Boże Ojcze, Ty tak bardzo mnie umiłowałeś, że posłałeś na świat swego Jednorodzonego Umiłowanego Syna, a mojego Pana i Zbawiciela, Jezusa Chrystusa, aby poprzez swoją Mękę, Śmierć , Zmartwychwstanie i Wniebowstąpienie - wybawił mnie od śmierci wiecznej , dzięki czemu nie tylko przestałam być niewolnikiem grzechu, ale otrzymałam nowe życie w Duchu Świętym, stając się Twoim przybranym dzieckiem, które tak samo jak Jezus może wołać do Ciebie: "ABBA", Tatusiu..+

 

Jezu Chryste, Synu Boga Żywego, dziękuję Ci za to , że razem ze mną dźwigasz mój krzyż, że zawsze jesteś przy mnie, kochasz bezwarunkowo i na zawsze, a Krwią Swoich Ran obmywasz mnie z grzechów moich, uwalniasz, dźwigasz z moich upadków, umacniasz , utwierdzasz w dobrym, przemieniasz, uzdrawiasz  i uświęcasz moje życie, które bez Ciebie jest niczym.

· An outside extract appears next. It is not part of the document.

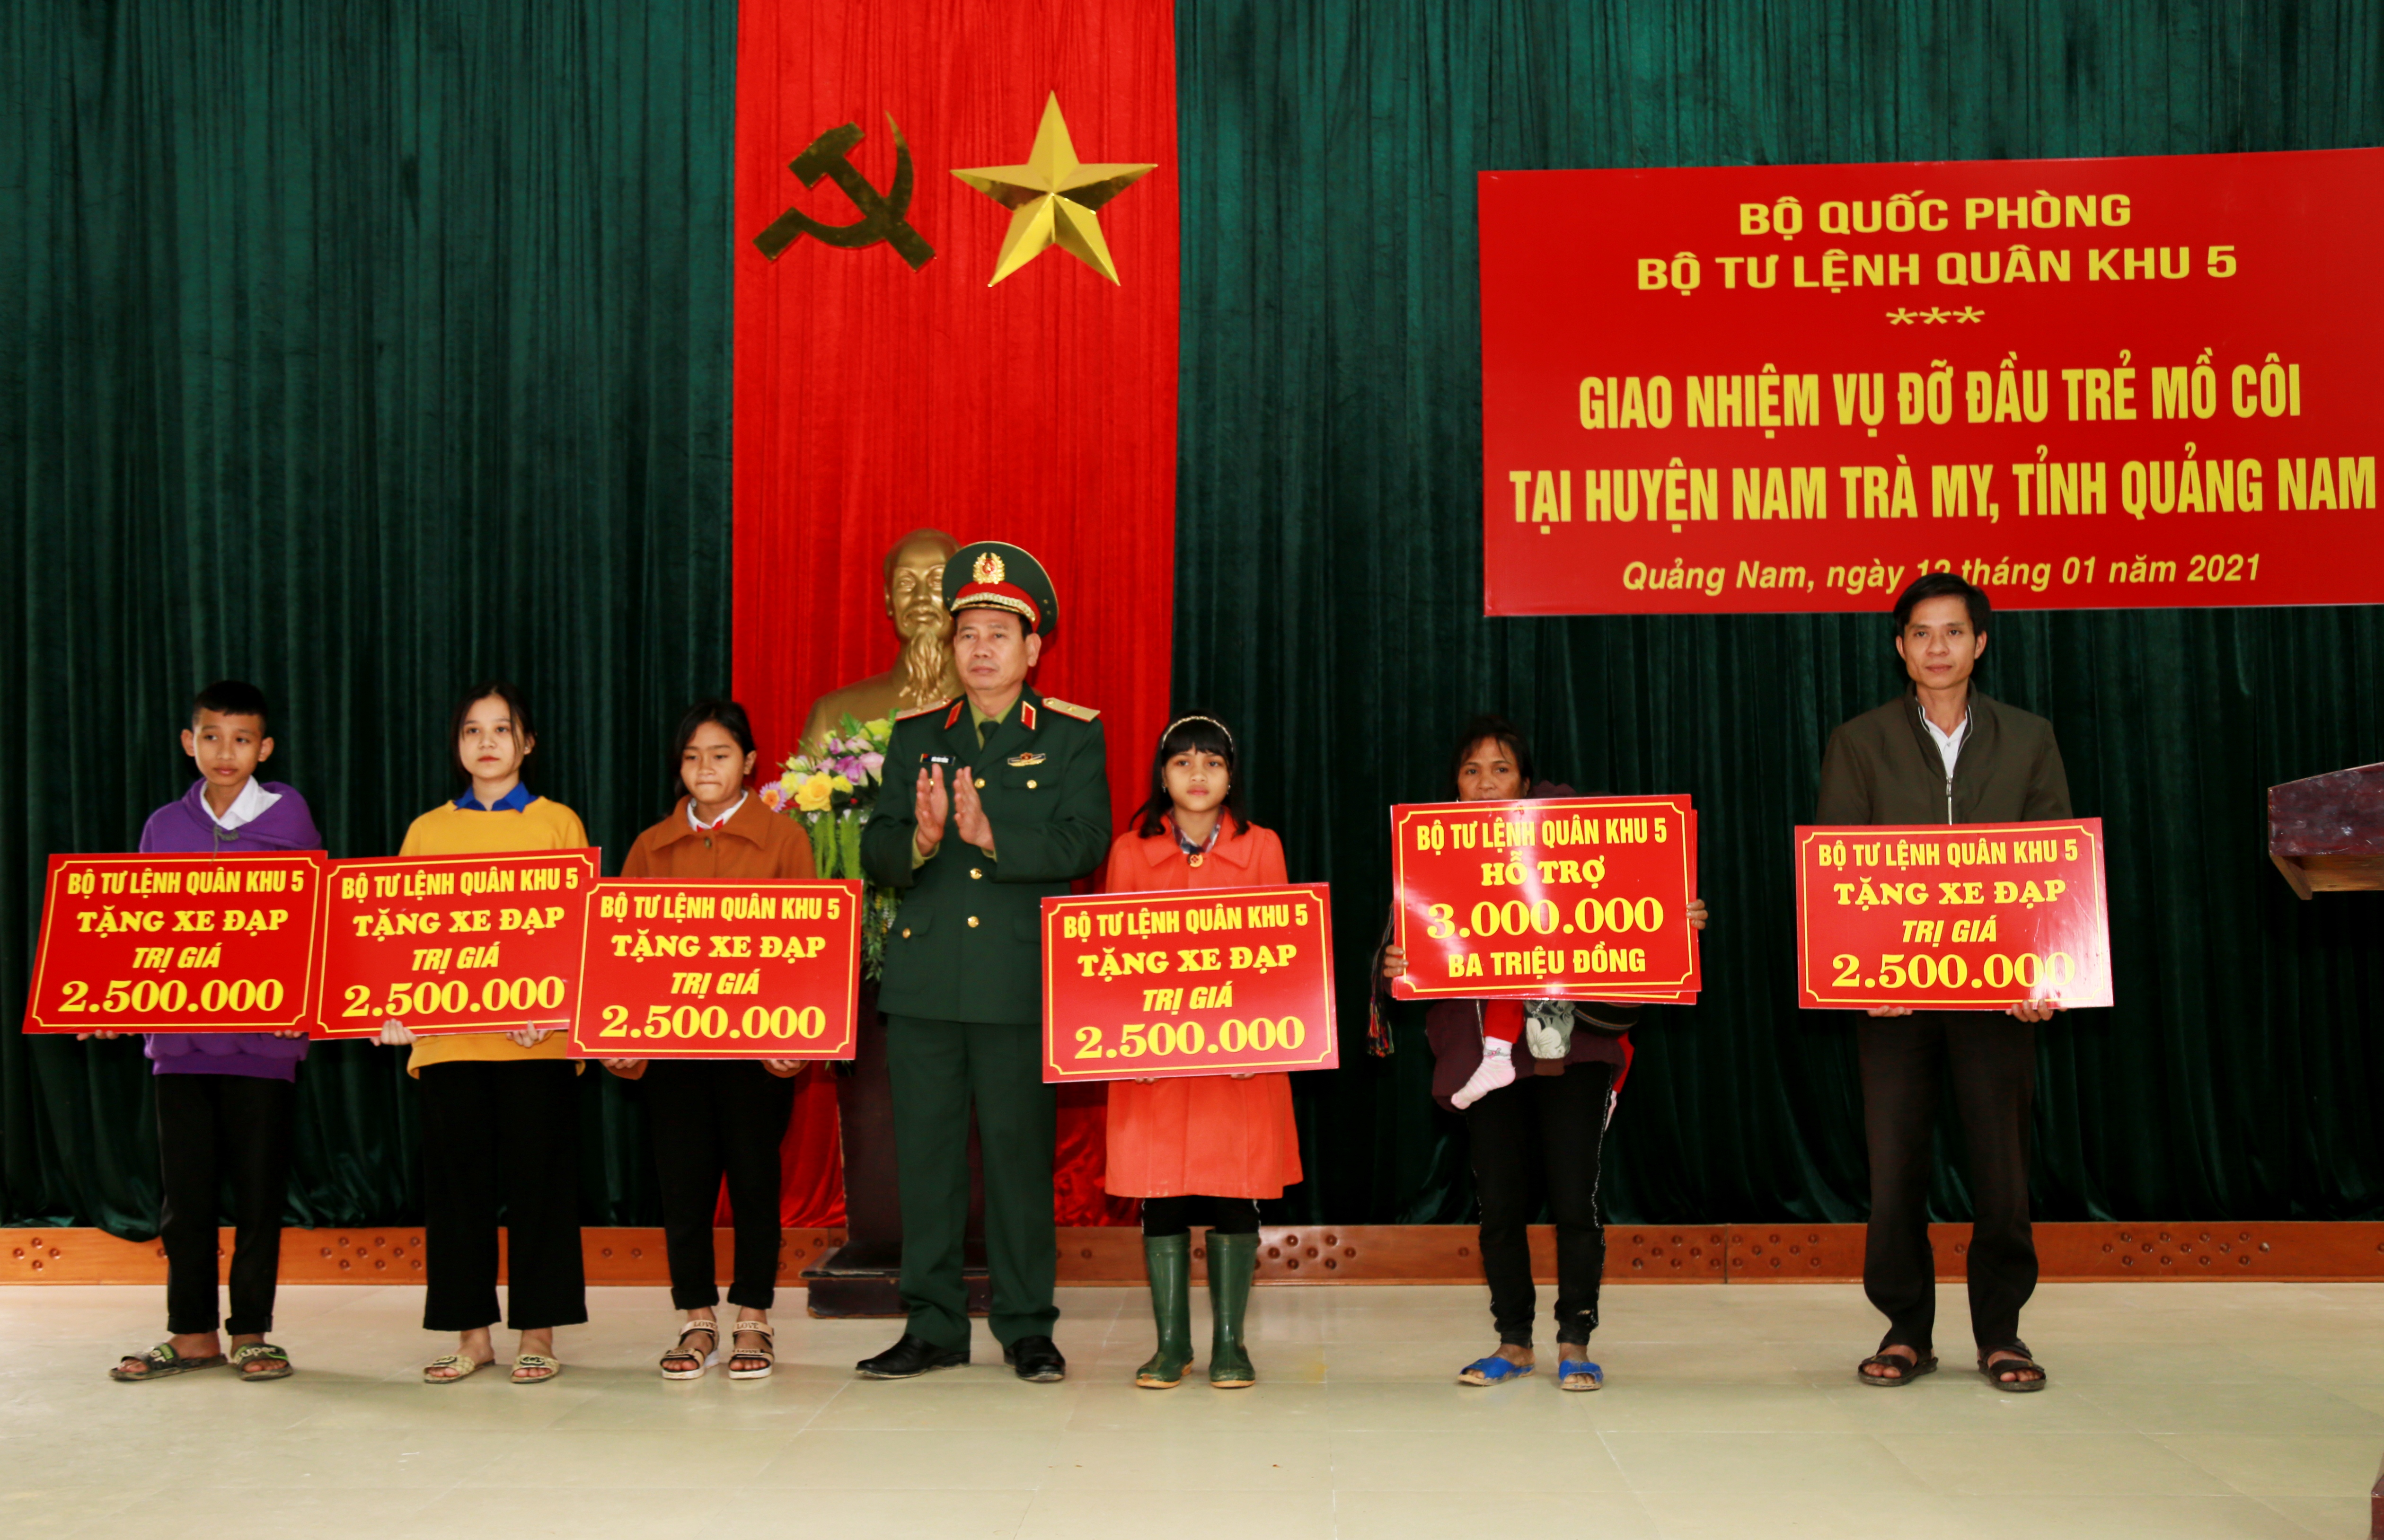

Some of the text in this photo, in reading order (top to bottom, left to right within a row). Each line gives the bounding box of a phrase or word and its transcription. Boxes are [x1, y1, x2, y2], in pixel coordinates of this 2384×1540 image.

Dlatego właśnie pragnę , byś królował w mojej codzienności , w każdej relacji, w każdym doświadczeniu, w całej mojej istocie, życiu moich najbliższych. Niech zajaśnieje Twoja Chwała i objawi się Twoja Miłość, potęga i Moc...+

 

Duchu Święty...zabierz serce kamienne , a daj mi serce z Ciała. Przemieniaj moje serce, jakże letnie i obojętne na potrzeby innych, skupione na sobie , aby coraz bardziej stawało się podobne do Twego. Naucz mnie, proszę kochać wszystkich bez wyjątku, aż do bólu, aż po krzyż....Tak, jak TY....+

AMEN.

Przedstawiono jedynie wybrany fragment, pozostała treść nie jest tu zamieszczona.